(Recorded data)
================

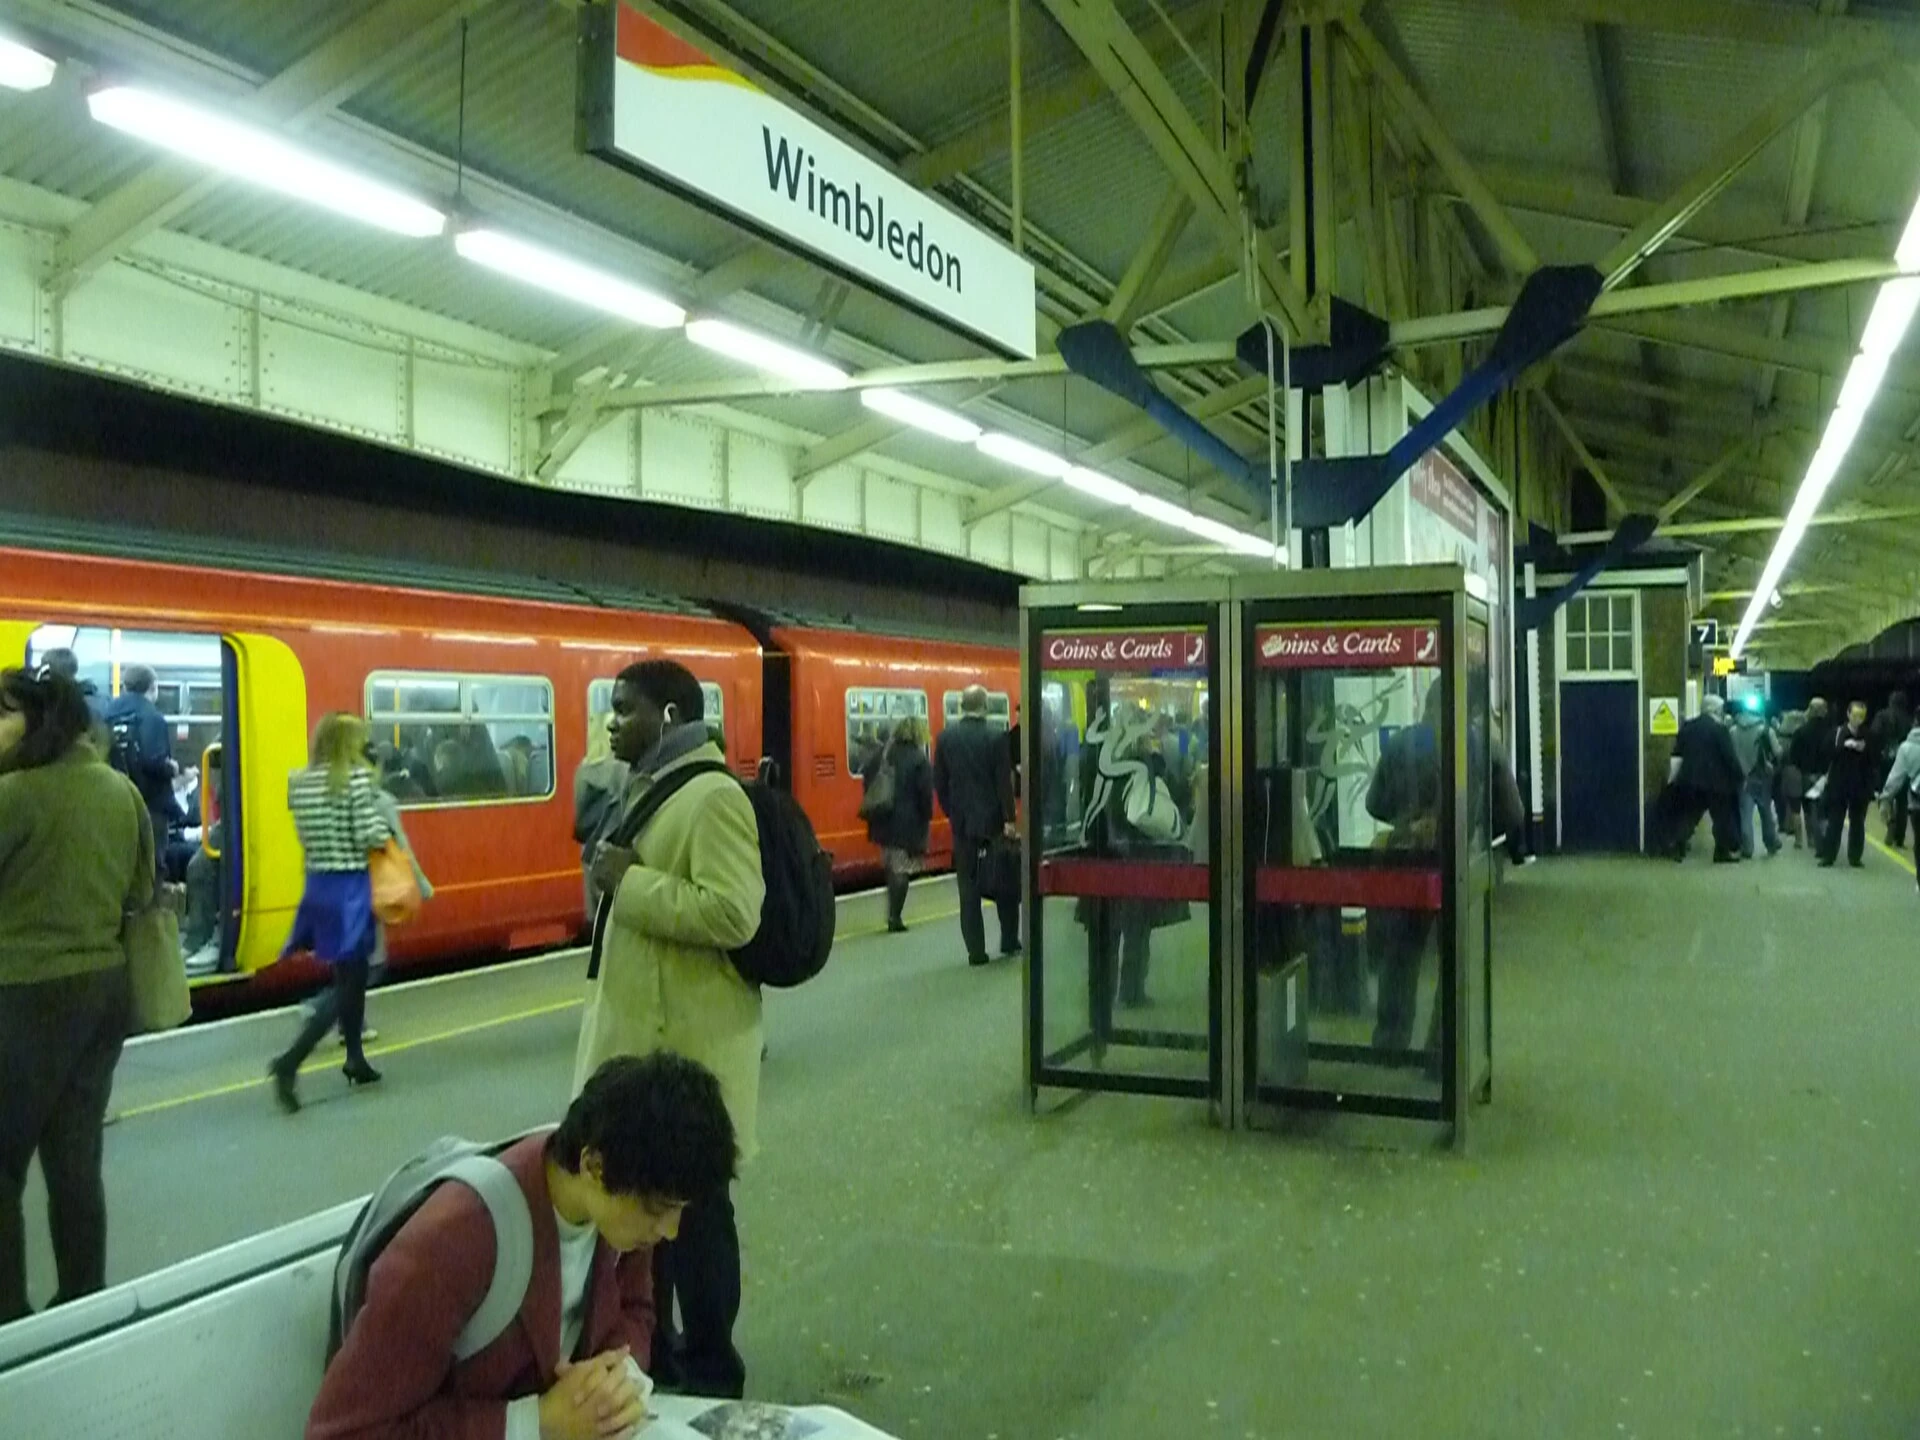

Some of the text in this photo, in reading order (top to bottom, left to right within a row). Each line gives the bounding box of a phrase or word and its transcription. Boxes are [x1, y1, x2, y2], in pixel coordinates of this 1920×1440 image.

[762, 123, 962, 294] Wimbledon
[1262, 632, 1402, 658] oins & Cards
[1697, 625, 1710, 642] 7
[1049, 637, 1173, 660] Coins & Cards
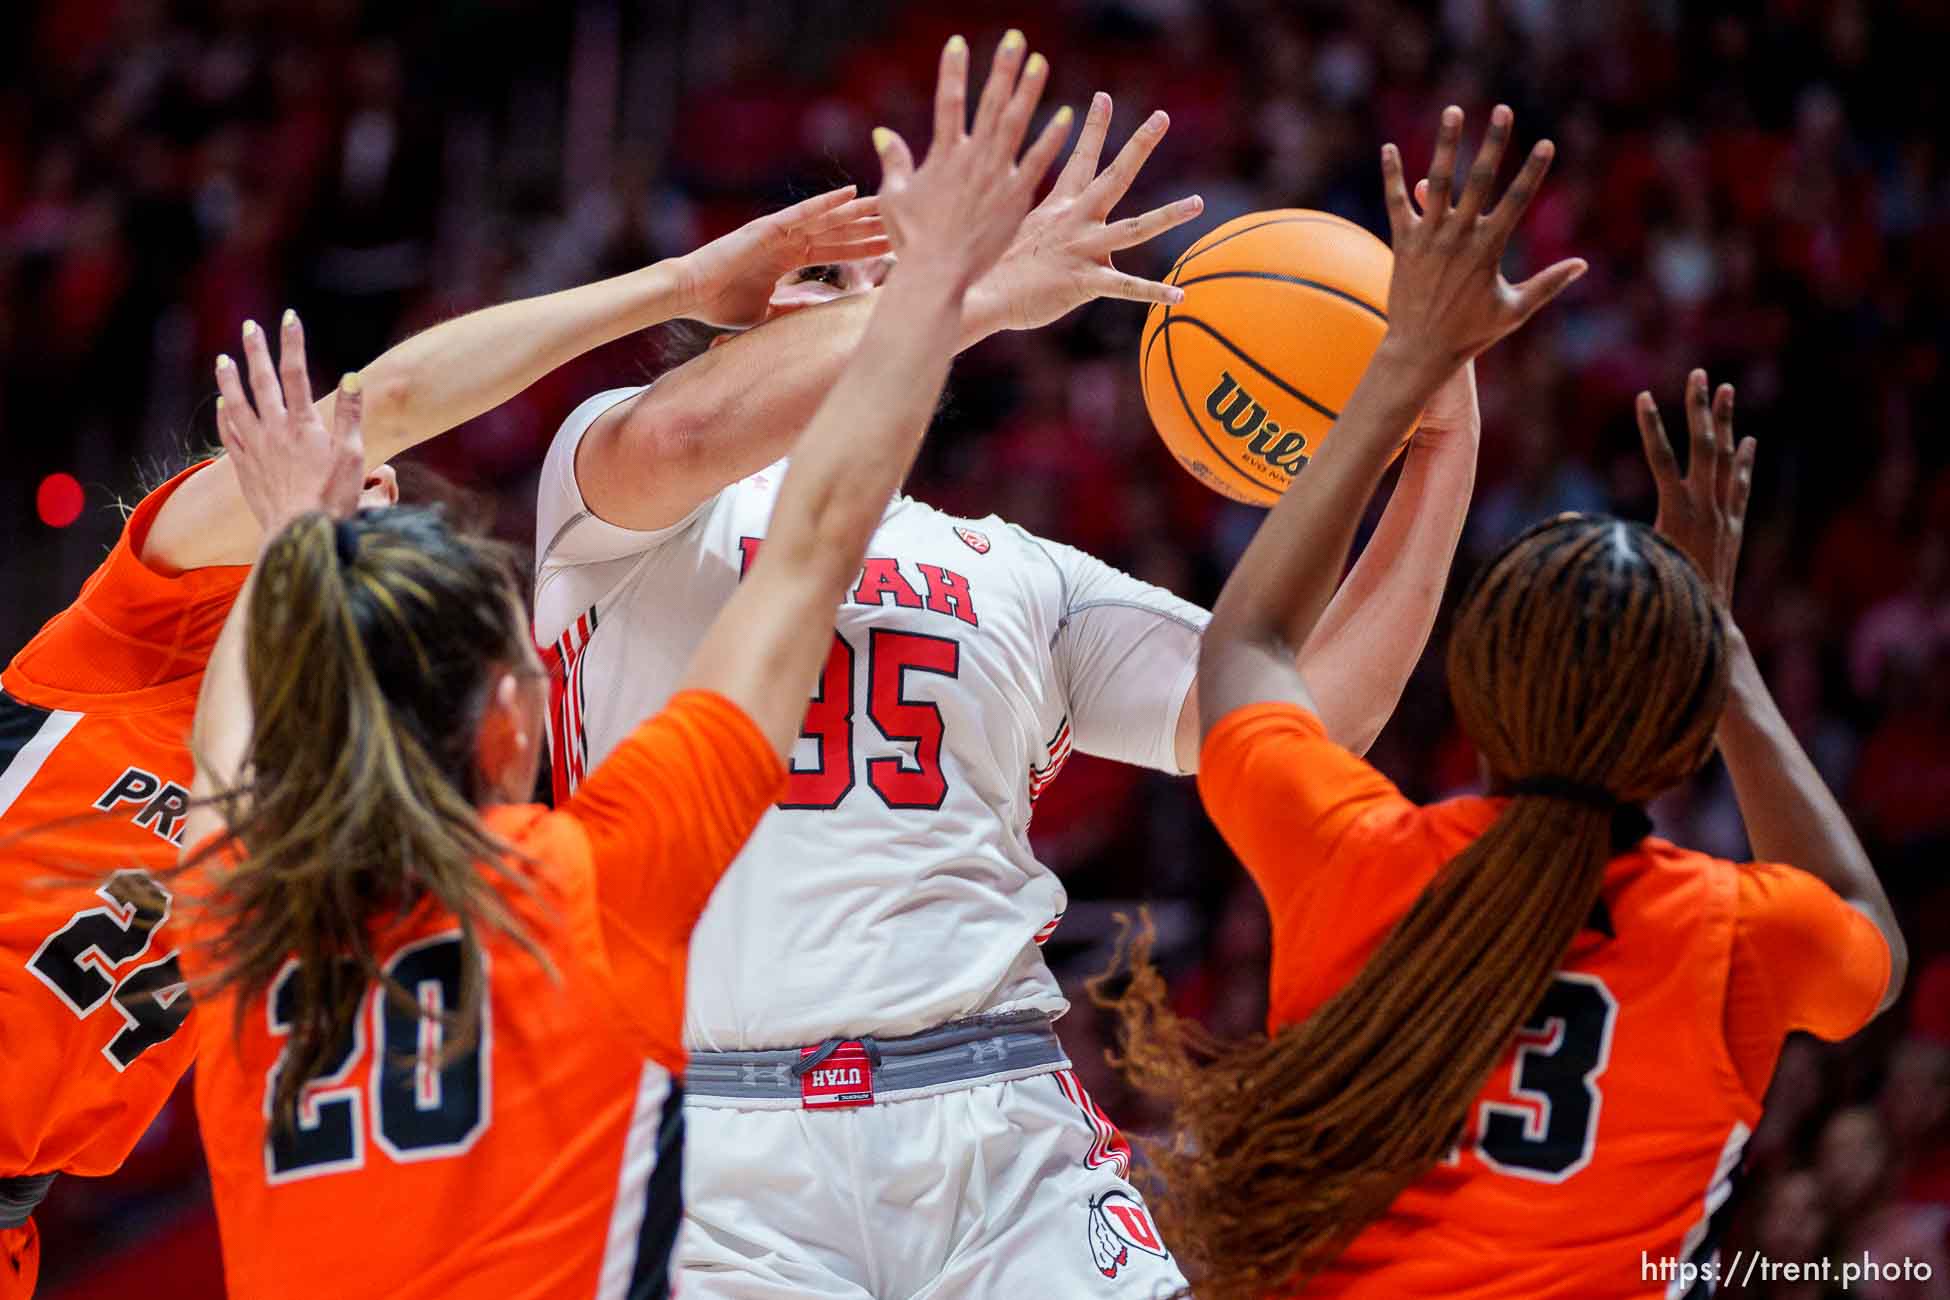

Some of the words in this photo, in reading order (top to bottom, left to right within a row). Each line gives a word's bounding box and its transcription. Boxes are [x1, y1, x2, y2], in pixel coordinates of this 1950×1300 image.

================

_Work task_
Each record above has to be written out again in full, but its pictures must not be.

_Solution_
Some of the text in this photo, in reading order (top to bottom, left to right within a row). Each line gives the bounding box of a phrase or word and its transcription. Boxes are [x1, y1, x2, y2], in pixel coordinates of this 1920×1440 image.

[762, 123, 962, 294] Wimbledon
[1262, 632, 1402, 658] oins & Cards
[1697, 625, 1710, 642] 7
[1049, 637, 1173, 660] Coins & Cards

Some of the words in this photo, in reading order (top to bottom, left to right within a row). Each line gives a word's bounding box and its transcription. Boxes are [x1, y1, x2, y2], in pixel coordinates of this 1950×1300 image.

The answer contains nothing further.